The data below should be copied over with complete accuracy.

** Opening Provided data block **

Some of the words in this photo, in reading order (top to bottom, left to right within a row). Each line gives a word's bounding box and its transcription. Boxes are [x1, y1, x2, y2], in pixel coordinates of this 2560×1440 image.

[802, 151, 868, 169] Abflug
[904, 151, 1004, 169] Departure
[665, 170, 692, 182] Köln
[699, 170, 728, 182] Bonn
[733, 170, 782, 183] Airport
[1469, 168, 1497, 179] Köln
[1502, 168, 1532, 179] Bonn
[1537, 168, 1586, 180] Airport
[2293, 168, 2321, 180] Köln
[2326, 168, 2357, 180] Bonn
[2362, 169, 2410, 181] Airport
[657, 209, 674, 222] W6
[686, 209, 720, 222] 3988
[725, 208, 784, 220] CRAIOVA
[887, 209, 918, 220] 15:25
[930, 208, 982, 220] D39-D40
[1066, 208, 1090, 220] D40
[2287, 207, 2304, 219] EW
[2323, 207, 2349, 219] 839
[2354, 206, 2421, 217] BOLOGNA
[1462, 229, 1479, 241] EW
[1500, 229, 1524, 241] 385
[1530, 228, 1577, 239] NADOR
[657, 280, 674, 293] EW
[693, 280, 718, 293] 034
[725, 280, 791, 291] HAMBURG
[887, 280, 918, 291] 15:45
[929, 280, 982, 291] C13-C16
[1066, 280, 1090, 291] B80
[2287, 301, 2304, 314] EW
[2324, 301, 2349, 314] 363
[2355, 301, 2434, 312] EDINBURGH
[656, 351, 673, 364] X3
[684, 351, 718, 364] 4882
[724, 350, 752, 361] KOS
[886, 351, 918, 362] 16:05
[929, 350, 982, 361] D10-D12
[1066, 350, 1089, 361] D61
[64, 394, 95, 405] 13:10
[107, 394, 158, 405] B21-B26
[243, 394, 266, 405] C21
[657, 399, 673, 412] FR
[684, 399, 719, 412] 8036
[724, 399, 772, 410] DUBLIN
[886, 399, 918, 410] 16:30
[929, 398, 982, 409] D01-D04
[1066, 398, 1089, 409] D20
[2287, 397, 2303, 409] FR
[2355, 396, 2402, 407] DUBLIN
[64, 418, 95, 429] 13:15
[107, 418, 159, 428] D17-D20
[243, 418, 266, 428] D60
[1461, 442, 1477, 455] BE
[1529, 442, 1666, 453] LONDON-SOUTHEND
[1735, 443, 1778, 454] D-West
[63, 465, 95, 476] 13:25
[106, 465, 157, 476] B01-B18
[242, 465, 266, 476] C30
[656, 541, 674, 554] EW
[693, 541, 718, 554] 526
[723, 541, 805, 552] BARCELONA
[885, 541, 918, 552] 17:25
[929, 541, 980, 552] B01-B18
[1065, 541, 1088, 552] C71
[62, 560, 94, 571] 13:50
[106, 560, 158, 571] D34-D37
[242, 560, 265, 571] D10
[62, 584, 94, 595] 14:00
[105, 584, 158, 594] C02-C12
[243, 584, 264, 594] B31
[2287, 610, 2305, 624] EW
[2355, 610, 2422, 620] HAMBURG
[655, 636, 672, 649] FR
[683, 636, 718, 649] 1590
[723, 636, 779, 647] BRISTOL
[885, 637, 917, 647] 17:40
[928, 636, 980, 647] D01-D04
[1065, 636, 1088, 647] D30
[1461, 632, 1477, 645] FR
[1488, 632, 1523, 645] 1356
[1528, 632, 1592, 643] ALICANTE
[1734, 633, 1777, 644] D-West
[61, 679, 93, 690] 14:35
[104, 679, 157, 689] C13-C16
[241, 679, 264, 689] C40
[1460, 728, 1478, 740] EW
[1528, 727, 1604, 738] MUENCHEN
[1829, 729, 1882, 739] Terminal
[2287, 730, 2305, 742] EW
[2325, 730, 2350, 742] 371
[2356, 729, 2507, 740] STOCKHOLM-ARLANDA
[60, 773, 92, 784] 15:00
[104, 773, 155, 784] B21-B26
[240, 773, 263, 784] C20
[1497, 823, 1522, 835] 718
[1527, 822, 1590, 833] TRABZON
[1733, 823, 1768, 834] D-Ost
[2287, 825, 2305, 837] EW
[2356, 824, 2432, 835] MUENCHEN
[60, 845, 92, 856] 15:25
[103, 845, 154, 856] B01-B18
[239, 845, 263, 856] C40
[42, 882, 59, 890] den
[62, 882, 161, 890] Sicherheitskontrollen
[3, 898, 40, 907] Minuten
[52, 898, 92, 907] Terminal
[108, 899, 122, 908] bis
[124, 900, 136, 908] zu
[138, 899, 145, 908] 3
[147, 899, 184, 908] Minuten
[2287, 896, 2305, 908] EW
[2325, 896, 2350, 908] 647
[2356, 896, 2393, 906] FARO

** Closing Provided data block **

> **Solution for this exercise**:
Some of the words in this photo, in reading order (top to bottom, left to right within a row). Each line gives a word's bounding box and its transcription. Boxes are [x1, y1, x2, y2], in pixel coordinates of this 2560×1440 image.

[802, 151, 868, 169] Abflug
[904, 151, 1004, 169] Departure
[665, 170, 692, 182] Köln
[699, 170, 728, 182] Bonn
[733, 170, 782, 183] Airport
[1469, 168, 1497, 179] Köln
[1502, 168, 1532, 179] Bonn
[1537, 168, 1586, 180] Airport
[2293, 168, 2321, 180] Köln
[2326, 168, 2357, 180] Bonn
[2362, 169, 2410, 181] Airport
[657, 209, 674, 222] W6
[686, 209, 720, 222] 3988
[725, 208, 784, 220] CRAIOVA
[887, 209, 918, 220] 15:25
[930, 208, 982, 220] D39-D40
[1066, 208, 1090, 220] D40
[2287, 207, 2304, 219] EW
[2323, 207, 2349, 219] 839
[2354, 206, 2421, 217] BOLOGNA
[1462, 229, 1479, 241] EW
[1500, 229, 1524, 241] 385
[1530, 228, 1577, 239] NADOR
[657, 280, 674, 293] EW
[693, 280, 718, 293] 034
[725, 280, 791, 291] HAMBURG
[887, 280, 918, 291] 15:45
[929, 280, 982, 291] C13-C16
[1066, 280, 1090, 291] B80
[2287, 301, 2304, 314] EW
[2324, 301, 2349, 314] 363
[2355, 301, 2434, 312] EDINBURGH
[656, 351, 673, 364] X3
[684, 351, 718, 364] 4882
[724, 350, 752, 361] KOS
[886, 351, 918, 362] 16:05
[929, 350, 982, 361] D10-D12
[1066, 350, 1089, 361] D61
[64, 394, 95, 405] 13:10
[107, 394, 158, 405] B21-B26
[243, 394, 266, 405] C21
[657, 399, 673, 412] FR
[684, 399, 719, 412] 8036
[724, 399, 772, 410] DUBLIN
[886, 399, 918, 410] 16:30
[929, 398, 982, 409] D01-D04
[1066, 398, 1089, 409] D20
[2287, 397, 2303, 409] FR
[2355, 396, 2402, 407] DUBLIN
[64, 418, 95, 429] 13:15
[107, 418, 159, 428] D17-D20
[243, 418, 266, 428] D60
[1461, 442, 1477, 455] BE
[1529, 442, 1666, 453] LONDON-SOUTHEND
[1735, 443, 1778, 454] D-West
[63, 465, 95, 476] 13:25
[106, 465, 157, 476] B01-B18
[242, 465, 266, 476] C30
[656, 541, 674, 554] EW
[693, 541, 718, 554] 526
[723, 541, 805, 552] BARCELONA
[885, 541, 918, 552] 17:25
[929, 541, 980, 552] B01-B18
[1065, 541, 1088, 552] C71
[62, 560, 94, 571] 13:50
[106, 560, 158, 571] D34-D37
[242, 560, 265, 571] D10
[62, 584, 94, 595] 14:00
[105, 584, 158, 594] C02-C12
[243, 584, 264, 594] B31
[2287, 610, 2305, 624] EW
[2355, 610, 2422, 620] HAMBURG
[655, 636, 672, 649] FR
[683, 636, 718, 649] 1590
[723, 636, 779, 647] BRISTOL
[885, 637, 917, 647] 17:40
[928, 636, 980, 647] D01-D04
[1065, 636, 1088, 647] D30
[1461, 632, 1477, 645] FR
[1488, 632, 1523, 645] 1356
[1528, 632, 1592, 643] ALICANTE
[1734, 633, 1777, 644] D-West
[61, 679, 93, 690] 14:35
[104, 679, 157, 689] C13-C16
[241, 679, 264, 689] C40
[1460, 728, 1478, 740] EW
[1528, 727, 1604, 738] MUENCHEN
[1829, 729, 1882, 739] Terminal
[2287, 730, 2305, 742] EW
[2325, 730, 2350, 742] 371
[2356, 729, 2507, 740] STOCKHOLM-ARLANDA
[60, 773, 92, 784] 15:00
[104, 773, 155, 784] B21-B26
[240, 773, 263, 784] C20
[1497, 823, 1522, 835] 718
[1527, 822, 1590, 833] TRABZON
[1733, 823, 1768, 834] D-Ost
[2287, 825, 2305, 837] EW
[2356, 824, 2432, 835] MUENCHEN
[60, 845, 92, 856] 15:25
[103, 845, 154, 856] B01-B18
[239, 845, 263, 856] C40
[42, 882, 59, 890] den
[62, 882, 161, 890] Sicherheitskontrollen
[3, 898, 40, 907] Minuten
[52, 898, 92, 907] Terminal
[108, 899, 122, 908] bis
[124, 900, 136, 908] zu
[138, 899, 145, 908] 3
[147, 899, 184, 908] Minuten
[2287, 896, 2305, 908] EW
[2325, 896, 2350, 908] 647
[2356, 896, 2393, 906] FARO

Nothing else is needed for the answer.